Powell's performance on NBC's "Meet the Press" on June 10 demonstrated his continuing confusion. He wondered why the CIA didn't tell him before his speech to the United Nations on Feb. 5, 2003, that the intelligence on mobile weapons laboratories wasn't solid, even now unaware that CIA director George Tenet had been informed by CIA officers but dismissed their information because it ran counter to the case the administration wished to make for going to war.

Powell was caught between his diminished self-image as a loyal aide and good soldier indebted to a coterie of Republicans who had promoted him eventually to secretary of state, and his grandiose self-image as the most respected and popular public man in the country, and his influence imploded. He was strangely incapable of gaining political traction to hold his ground. Now the record cannot be changed. He can only learn how easily Cheney toyed with him.

Curiously absent in the lengthy Post articles, except in one brief passing scene, is Cheney's ubiquitous shadow in his shadow presidency -- his former chief of staff, I. Lewis "Scooter" Libby. Obsessed with secrecy, Cheney ordered Libby to ensure that one national security secret became public -- the identity of Valerie Plame Wilson as a covert CIA officer. Now convicted on four counts of perjury and obstruction of justice, Libby awaits word from the federal appeals court on whether he will be able to stay his 30-month prison sentence. Steadfastly refusing to cooperate with the prosecutor, he continues his obstruction, protecting his principal. "There is a cloud over the vice president," said Patrick Fitzgerald, the special prosecutor, in his closing remarks to the jury. "And that cloud remains because this defendant obstructed justice."

Despite the recent round of punditry that Cheney's influence has waned, he remains a formidable force. These are Cheney's final days; this is his endgame. He will never run again for public office. He is freed from the constraints of political consequences. He now has no horizon. He lives only in the present. He is nearly done. There are only months left to achieve his goals. Mortality impinges. Next month, he will have his heart pacemaker replaced. He disdains public opinion. He does not care who's next. "We didn't get elected to be popular," he said on Fox News on May 10. "We didn't get elected to worry just about the fate of the Republican Party."

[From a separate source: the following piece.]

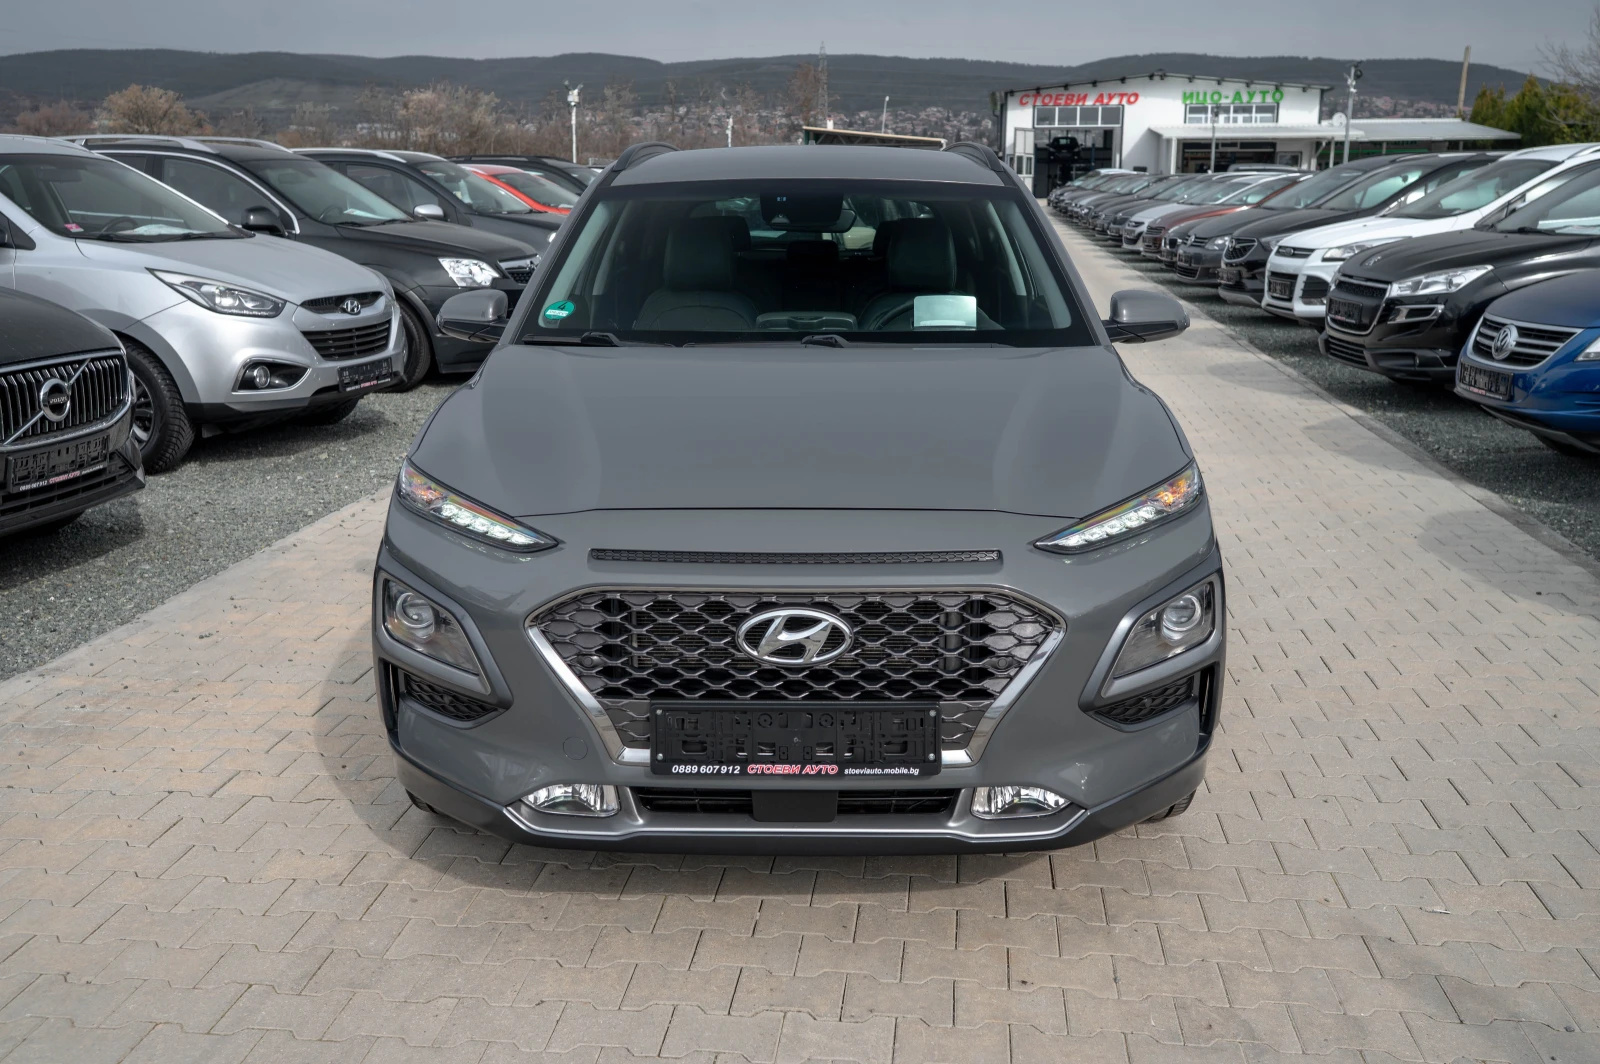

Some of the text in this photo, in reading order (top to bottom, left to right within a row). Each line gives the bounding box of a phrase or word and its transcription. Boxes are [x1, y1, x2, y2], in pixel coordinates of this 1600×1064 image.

To the last minute, Cheney refuses to loosen his grip on power. Meanwhile, his former aides pump up pressure for a presidential pardon -- a pardon that would enshrine Libby's obstruction of justice and shield Cheney forever, "an entity in the executive branch" who would be above the law. A breeze is blowing a leaf toward an open window of the Oval Office.

By Sidney Blumenthal

Sidney Blumenthal, a former assistant and senior advisor to President Clinton, writes a column for Salon and the Guardian of London. His new book is titled "How Bush Rules: Chronicles of a Radical Regime." He is a senior fellow at the New York University Center on Law and Security.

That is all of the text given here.